Starting in the 2000s, the Russian Air Force started to study different options for the modernisation of its Tu-95MS fleet. Even before the start of the modernisation program, in 2003 the aircraft were made compatible with the Kh-555 missile. Then, the proper modernisation program was initiated. Development officially started when a research and development contract was issued to Tupolev by the Russian Defence Ministry, on 23 December 2009. The modernisations are only applied to the Tu-95MS16s using the K-016 Sprut missile initialisation system, and not to the aircraft using the older K-012 Osina (the K-016 allows the use of longer-ranged Kh-55SM missiles); in other words, only the aircraft manufactured from 1986 onwards are modernised. In total, this represents a fleet of between 30 and 35 aircraft. The program is divided into two steps: the first one consists of making the aircraft compatible with Kh-101/102 cruise missiles. These are too big to fit in the internal missile bay; hence, new external hardpoints are added. A total of eight Kh-101/102s can be carried under four double missile pylons, in addition to six Kh-55/55SM/555s in the internal rotary missile launcher. Several pieces of equipment are also replaced in this first step of the modernisation, including the satellite signal reception system, the instrument landing system, and other navigation systems.[12] The first Tu-95 modernized to carry the Kh-101/102 missiles was the Tu-95MS Saratov, rolled out at the Beriev aircraft plant in Taganrog in early 2015.[13] It was transferred to the Russian Air Force in March 2015.[14] Since 2015, the serial modernisation is carried out also by the Aviakor aircraft plant in Samara at a rate of three aircraft per year.[13][15] The first Tu-95 modernized by Aviakor was the Tu-95MS Dubna, transferred to the Russian Aerospace Forces on 18 November 2015.[16] In the future, Tu-95MSs are to be upgraded with the SVP-24 sighting and computing system from the Russian company Gefest & T.[17]

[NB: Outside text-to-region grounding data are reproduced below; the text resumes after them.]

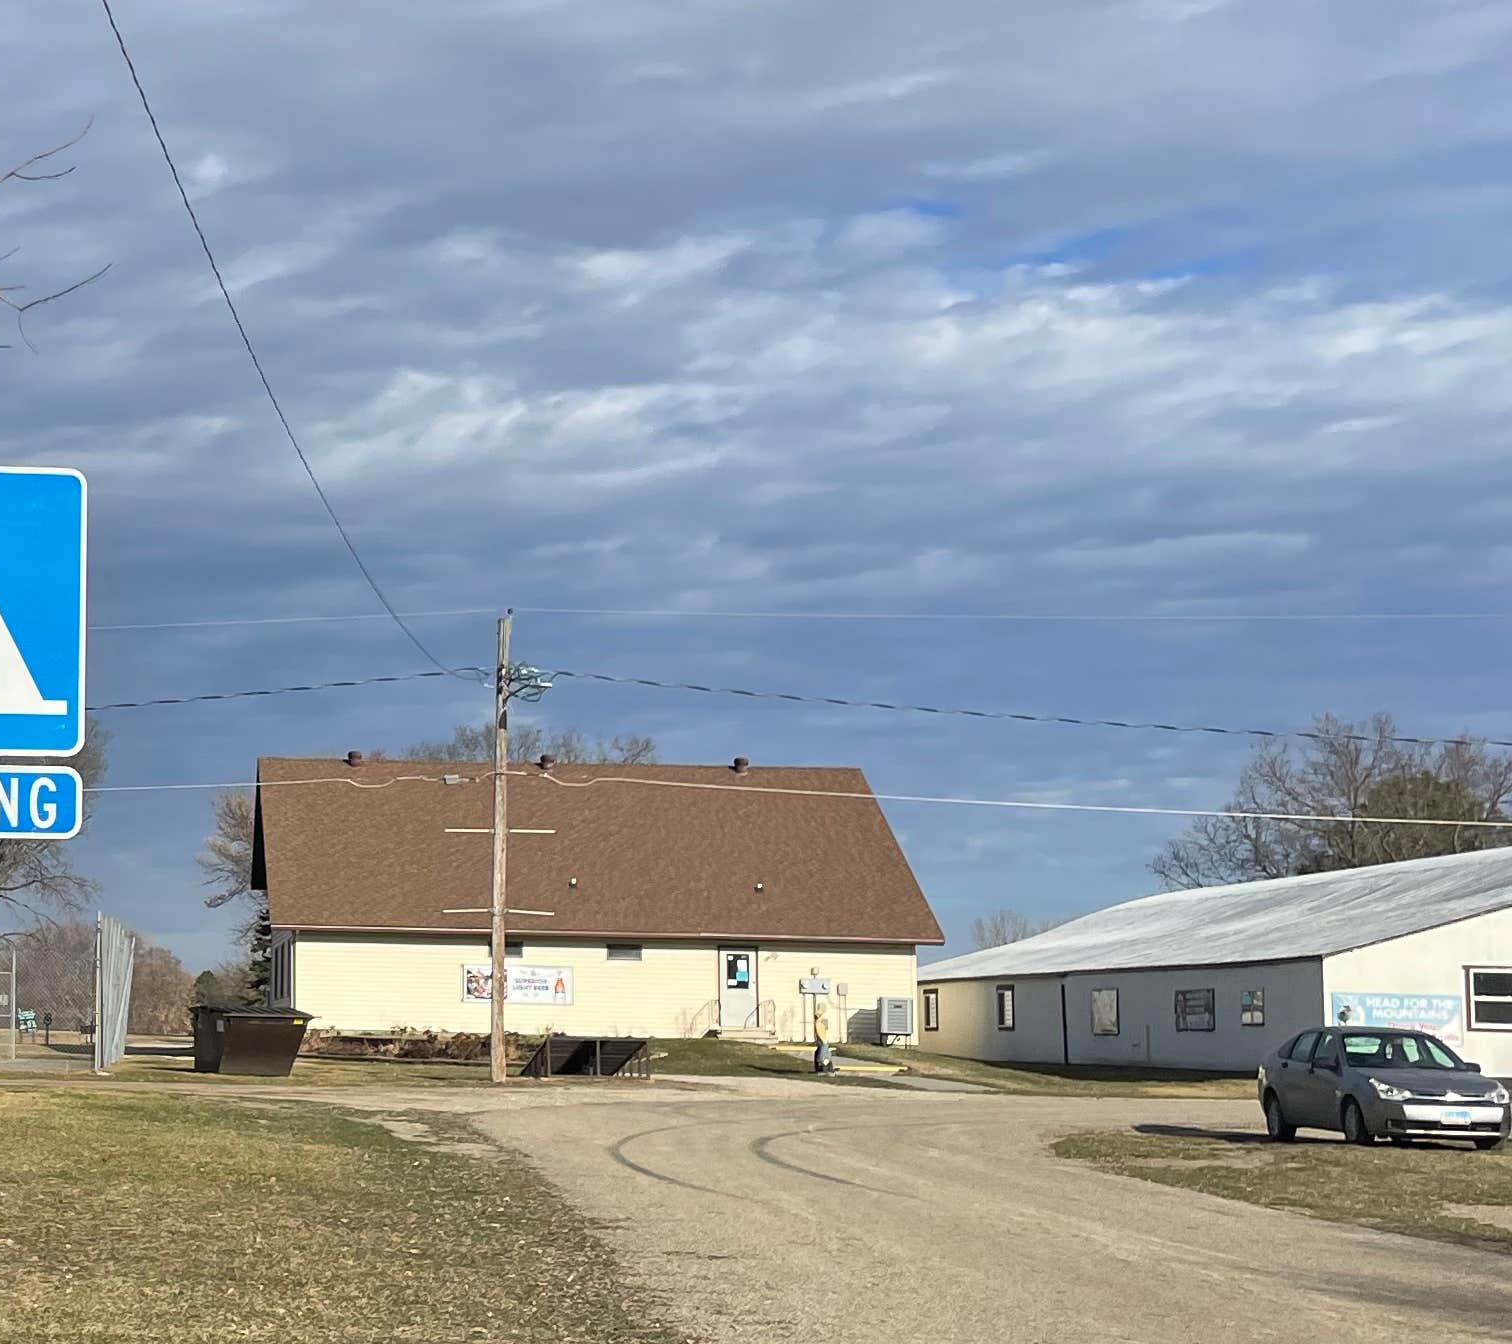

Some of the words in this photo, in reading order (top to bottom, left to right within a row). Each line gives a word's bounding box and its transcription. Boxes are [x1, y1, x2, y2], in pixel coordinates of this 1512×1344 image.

[1365, 996, 1400, 1008] HEAD
[1403, 997, 1428, 1009] FOR
[1431, 998, 1454, 1009] THE
[1372, 1007, 1450, 1020] MOUNTAINS
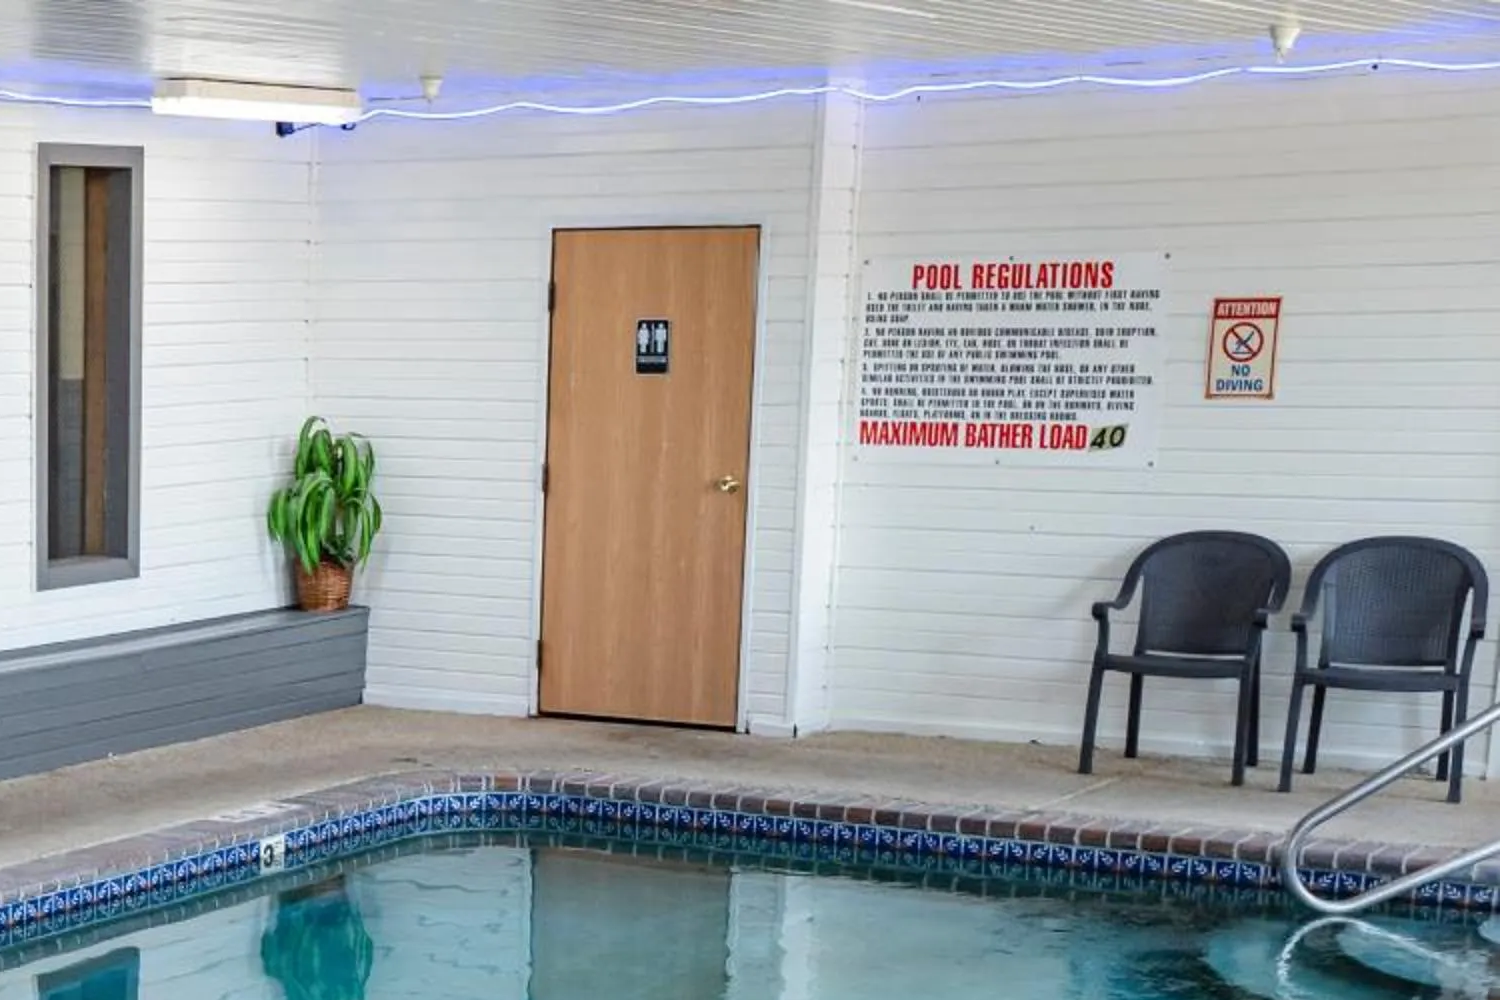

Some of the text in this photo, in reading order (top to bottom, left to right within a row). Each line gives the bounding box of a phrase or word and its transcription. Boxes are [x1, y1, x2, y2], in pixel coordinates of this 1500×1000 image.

[912, 262, 1113, 290] POOL REGULATIONS
[1231, 364, 1251, 377] NO
[1215, 379, 1263, 391] DIVING
[859, 422, 1126, 450] MAXIMUM BATHER LOAD 40
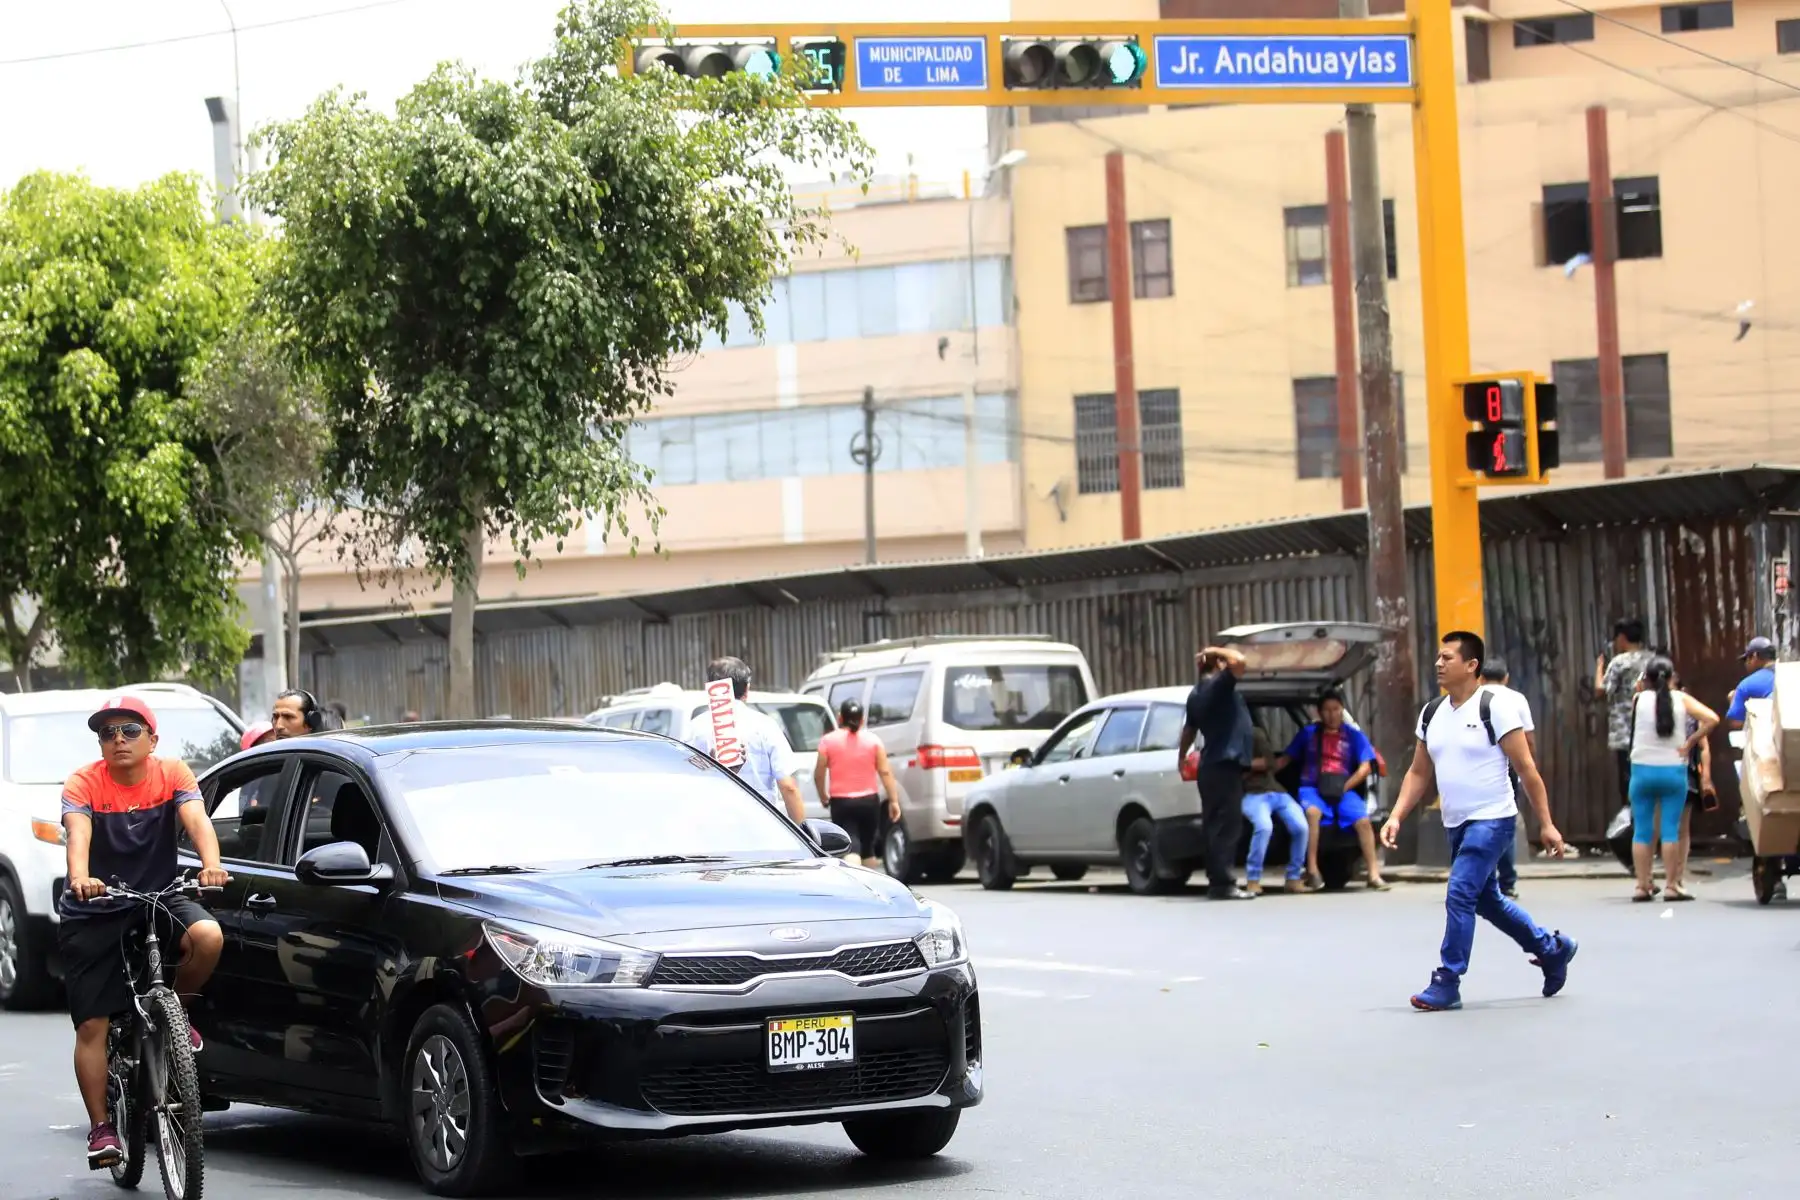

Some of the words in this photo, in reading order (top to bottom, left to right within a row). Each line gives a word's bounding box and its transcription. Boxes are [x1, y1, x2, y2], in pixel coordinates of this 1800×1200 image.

[869, 46, 973, 63] MUNICIPALIDAD
[1170, 45, 1204, 75] Jr.
[1214, 45, 1397, 80] Andahuaylas
[884, 67, 903, 83] DE
[926, 66, 960, 83] LIMA
[708, 682, 741, 765] CALLAO
[796, 1018, 826, 1030] PERU
[771, 1027, 850, 1060] BMP-304

The second step of the modernisation program is also the most extensive one, and is known as Tu-95MSM. It includes the installation of the new Novella NV1.021 passive electronically scanned array radar instead of the current Obzor-MS, a new S021 navigation system and the Meteor-NM2 airborne defense complex.[12] In addition, the aircraft modernized to the "MSM" variant will be equipped with upgraded Kuznetsov NK-12MPM turboprop engines,[13][18] together with new AV-60T propellers, reducing the vibration level by 50%. Lastly, the tail turret has been removed.[12] The first Tu-95MSM made its maiden flight on 22 August 2020.[19] A new contract on upgrading Tu-95MS strategic missile-carrying bombers to the Tu-95MSM level was signed in August 2021.[20]

Operational history

Soviet Union

Tu-95MS "Kaluga", named after one of the oldest Russian cities

The Tu-95RT variant in particular was a veritable icon of the Cold War as it performed a maritime surveillance and targeting mission for other aircraft, surface ships and submarines. It was identifiable by a large bulge under the fuselage, which reportedly housed a radar antenna that was used to search for and detect surface ships.[21]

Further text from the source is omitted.